John Bowlby was the second son of Major General Sir Anthony Bowlby, 1st Baronet, who was surgeon to King Edward VII s household, honorary surgeon-in-ordinary to King George V, and president of the Royal College of Surgeons from 1920-23. His mother, Maria Bridget née Mostyn, was the daughter of a Church of England clergyman. His early education was at Abberley Hall preparatory school and, as he was destined for a naval career, the Royal Naval College, Dartmouth. But he changed his mind, decided to study medicine and went up to Trinity College, Cambridge, and University College Hospital, London. On qualification in medicine he specialized in psychiatry, child psychiatry and psychoanalysis. From 1933-35 he was a clinical assistant at the Maudsley Hospital. In 1936 he joined the staff of the London Child Guidance Clinic where he stayed until 1940. During the second world war he served as a consultant psychiatrist in the RAMC, attaining the rank of lieutenant colonel. In 1946 he joined the staff of the Tavistock Clinic and remained there until his retirement in 1972.

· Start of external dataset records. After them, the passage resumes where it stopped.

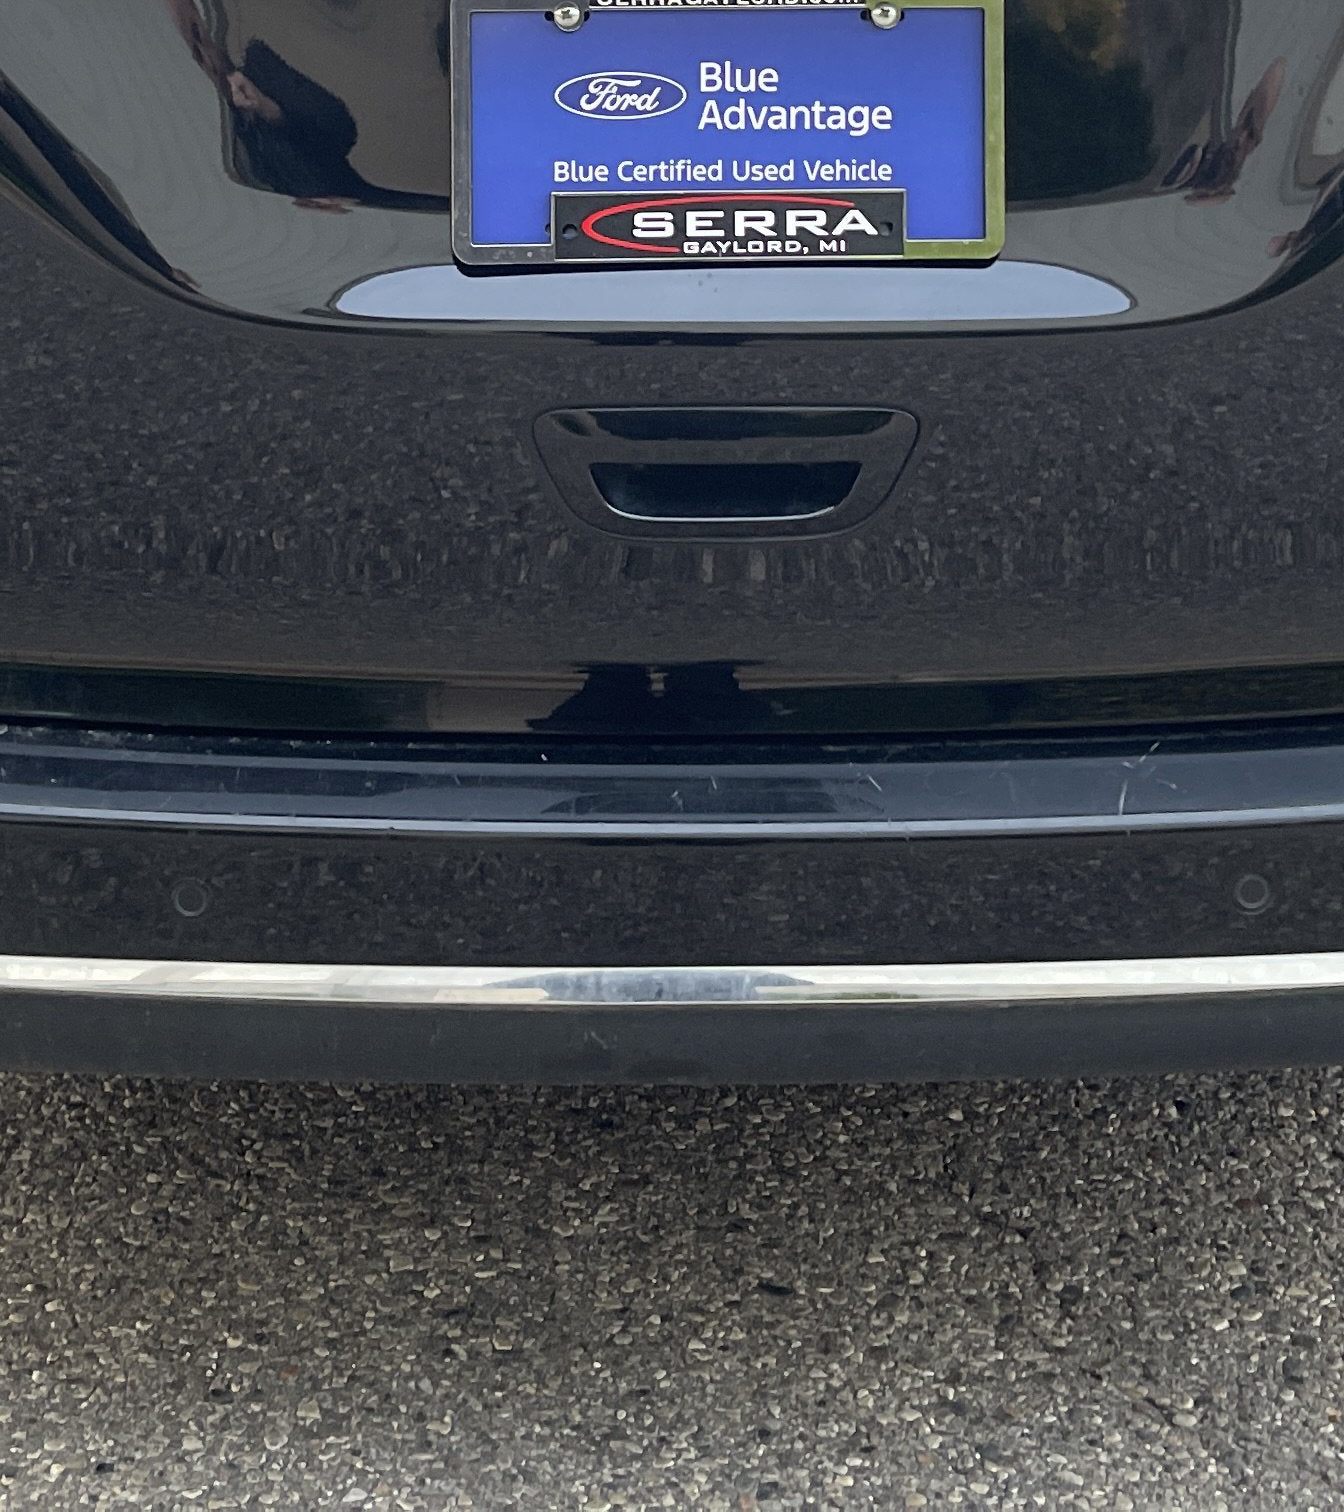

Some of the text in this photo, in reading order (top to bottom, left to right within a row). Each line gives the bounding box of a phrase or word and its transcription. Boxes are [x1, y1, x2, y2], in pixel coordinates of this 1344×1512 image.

[699, 60, 780, 93] Blue
[579, 76, 662, 112] Ford
[697, 98, 893, 137] Advantage
[553, 158, 893, 183] Blue Certified Used Vehicle
[631, 208, 879, 238] SERRA
[682, 239, 847, 256] GAYLORD, MI

He was chairman of the department of children and parents at the Tavistock Clinic from 1946-68, and president of the International Association of Child Psychiatrists and Allied Professions from 1962-66. From 1963-72 he was a member of the external scientific staff of the Medical Research Council, and from 1950 onwards was consultant in mental health to the World Health Organization. He carried out research at the National Institute of Mental Health, Bethesda, USA, from 1958-63 and was visiting professor of psychiatry at Stanford University, California, in 1968.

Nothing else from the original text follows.